Comments (8)
I have no preferences, but one comment: if it's part of the name, then it's obvious it has to be known at compile time - neither SEW not LMUL can be parametrized. If you put them as parameters, then someone (probably me at some point ;-) ) will find a use case where either one (or both) are parametrized and potentially not known at compile time. Which may or may not be legal and/or supported by an implementation...
This is already an open question for VL, as I have use case where I want/need to play with VL (upper bounded by the return value of vsetvl()) and it's not clear to me in the specifications what is legit and what isn't - i.e., what restrictions can an implementation impose...
from rvv-intrinsic-doc.
The V-extension provides two instructions: vsetvli
(immediate form), for when SEW and LMUL are known at compile/assembly time, and vsetvl
, for when SEW and LMUL are possibly known only at runtime. The latter instruction is very useful in restoring thread context (e.g., migrating between cores), but I'm not aware of other applications.

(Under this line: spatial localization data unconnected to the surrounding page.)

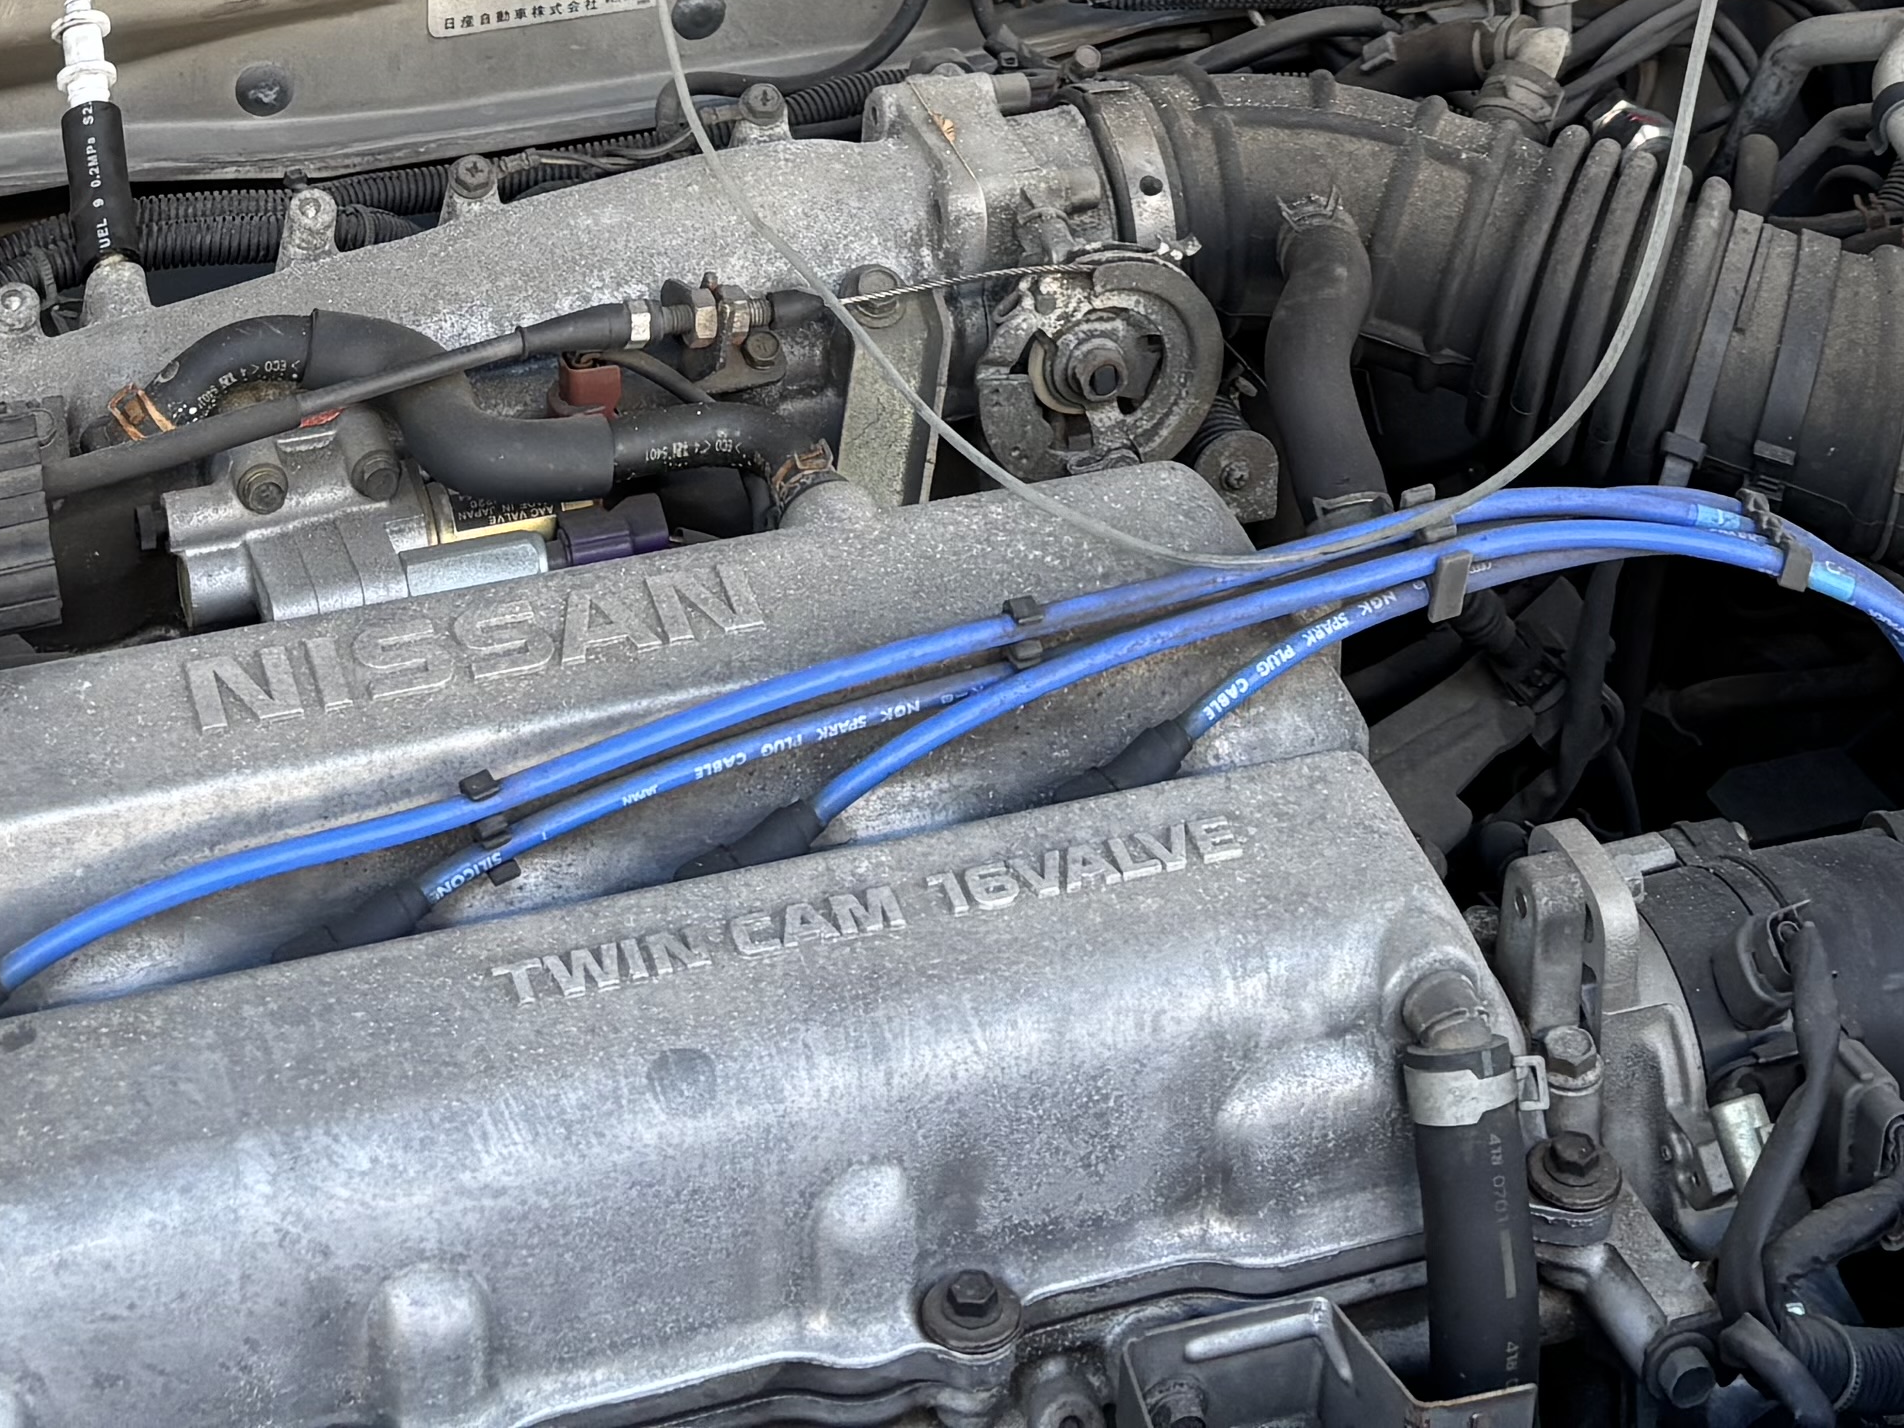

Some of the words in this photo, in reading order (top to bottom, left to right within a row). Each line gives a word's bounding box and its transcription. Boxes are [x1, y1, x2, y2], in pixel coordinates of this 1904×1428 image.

[444, 0, 598, 30] 日産自動車株式会社
[86, 136, 102, 188] 0.2MPa
[92, 198, 105, 208] 9
[98, 218, 112, 253] UEL
[457, 505, 497, 521] JAPAN
[488, 506, 528, 525] VALVE
[501, 503, 514, 512] IN
[1358, 591, 1398, 617] NGK
[1303, 611, 1351, 649] SPARK
[184, 564, 769, 736] NISSAN
[1255, 644, 1298, 681] PLUG
[880, 699, 921, 724] NGK
[1203, 677, 1252, 724] CABLE
[815, 714, 868, 741] SPARK
[760, 728, 804, 759] PLUG
[694, 752, 749, 781] CABLE
[621, 783, 659, 807] JAPAN
[492, 925, 714, 1005] TWIN
[729, 883, 909, 961] CAM
[925, 813, 1245, 917] 16VALVE
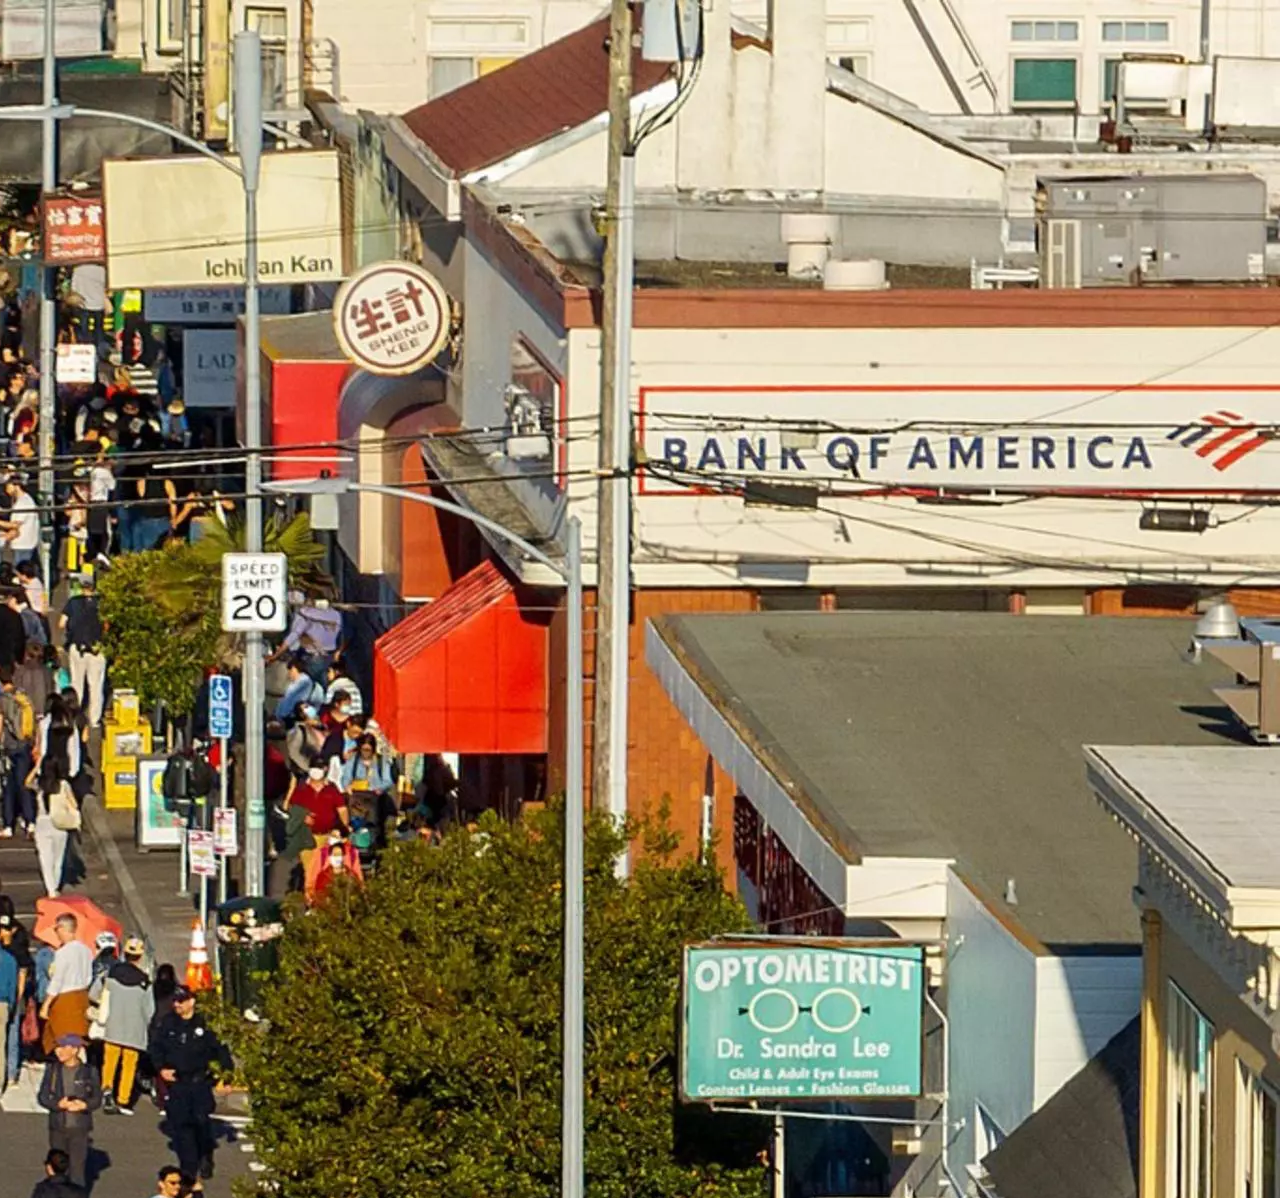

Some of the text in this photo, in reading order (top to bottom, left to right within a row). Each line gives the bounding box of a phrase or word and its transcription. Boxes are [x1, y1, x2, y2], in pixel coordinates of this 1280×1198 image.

[205, 254, 333, 277] Ichian Kan
[368, 320, 430, 351] SHENG
[385, 337, 421, 358] KEE
[663, 436, 1153, 470] BANK OF AMERICA
[230, 562, 280, 576] SPEED
[234, 578, 273, 590] LIMIT
[232, 594, 277, 621] 20
[695, 953, 915, 992] OPTOMETRIST
[717, 1036, 890, 1058] Dr. Sandra Lee
[729, 1068, 760, 1080] Child
[778, 1067, 811, 1080] Adult
[814, 1068, 835, 1083] Eye
[839, 1068, 880, 1080] Exams
[697, 1083, 912, 1096] Contact Lenses Fashion Glasses

I propose the intrinsics library offers both forms. It's tempting to simulate the non-immediate form using the immediate form invoked within a big switch
statement, which the compiler could then optimize in the case where SEW and LMUL are compile-time constants. However, this would be inefficient when SEW or LMUL is not known at compile-time, since it would introduce branches in the generated assembly.
Clearly, the vsetvl
version must input SEW and LMUL, so the question is really about the syntax of the vsetvli
version. I'll only consider this version in the rest of this comment.
Having SEW and LMUL as arguments would involve a big switch
statement, but presumably the compiler would resolve it statically. Assuming there's no overhead here, I see no technological advantage to having SEW and LMUL as arguments versus baking them into the intrinsic name. I think this is really a matter of syntactic taste.

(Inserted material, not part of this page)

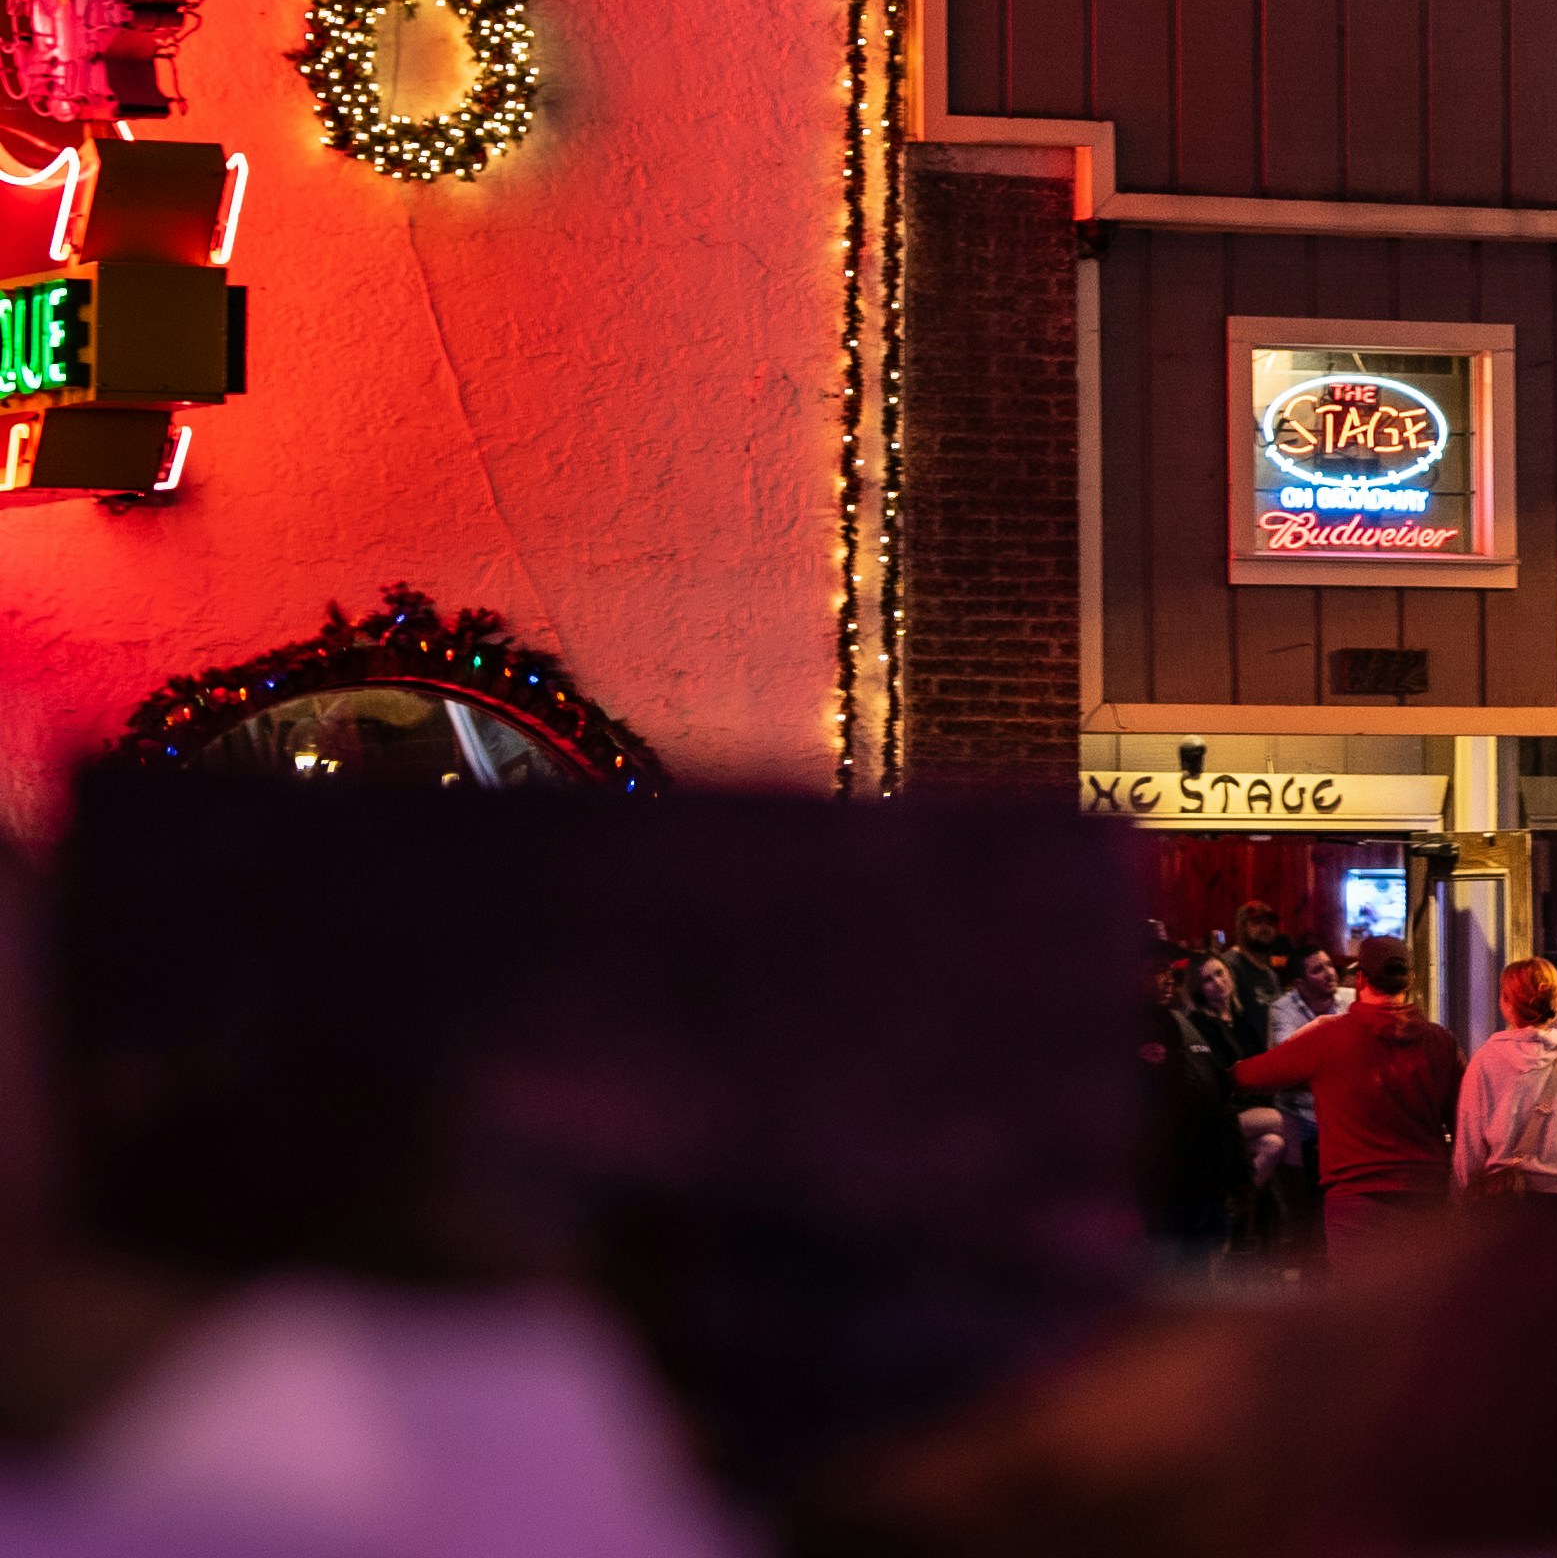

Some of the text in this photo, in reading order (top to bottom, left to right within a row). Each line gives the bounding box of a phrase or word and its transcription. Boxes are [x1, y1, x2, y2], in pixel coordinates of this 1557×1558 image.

Some (subjective) advantages of having them as arguments:
- Fewer intrinsics to keep track of
- Same signature as the
vsetvl
version
Some (subjective) advantages of having them in the intrinsic name:
- Matches the naming scheme of other intrinsics in the proposal
- Less error-prone
- Emphasizes that SEW and LMUL are part of the (static) type system
I vote for the latter approach, based mainly on my belief that very few users will ever use the vsetvl
(non-immediate) form.
from rvv-intrinsic-doc.
Actually, I can think of cases where an end-user will use vsetvl() over the immediate form, especially if some implementations are tolerant to arbitrary VL. The obvious two are peel loops & tail loops, where it's a lot more natural in V to use a smaller VL rather than a larger VL + masking...
from rvv-intrinsic-doc.
I can think of cases where an end-user will use vsetvl() over the immediate form,
If I understand correctly that mean the dynamic LMUL and SEW is what you want under some situation, however I think it hard to write code under current type system.
e.g.
int32_t *a;
int32_t *b;
int sew = 32;
int lmul = large_lmul ? 8 : 1;
for (; vl = vsetvl(sew, lmul, n); n -= vl) {
va = vload (a); // Type for va ?
...
}
Of cause it can be resolve by write more code, but I think it hard to write and maintain?
int32_t *a;
int32_t *b;
int sew = 32;
int lmul = large_lmul ? 8 : 1;
for (; vl = vsetvl(sew, lmul, n); n -= vl) {
if (large_lmul) {
vint32m8_t va_32m8 = vload_i32m8 (a);
} else {
vint32m1_t va_32m1 = vload_i32m1 (a);
}
...
}
from rvv-intrinsic-doc.
To be honest, SEW and LMUL are much less likely to change at runtime, except for the one case for SEW mentioned below.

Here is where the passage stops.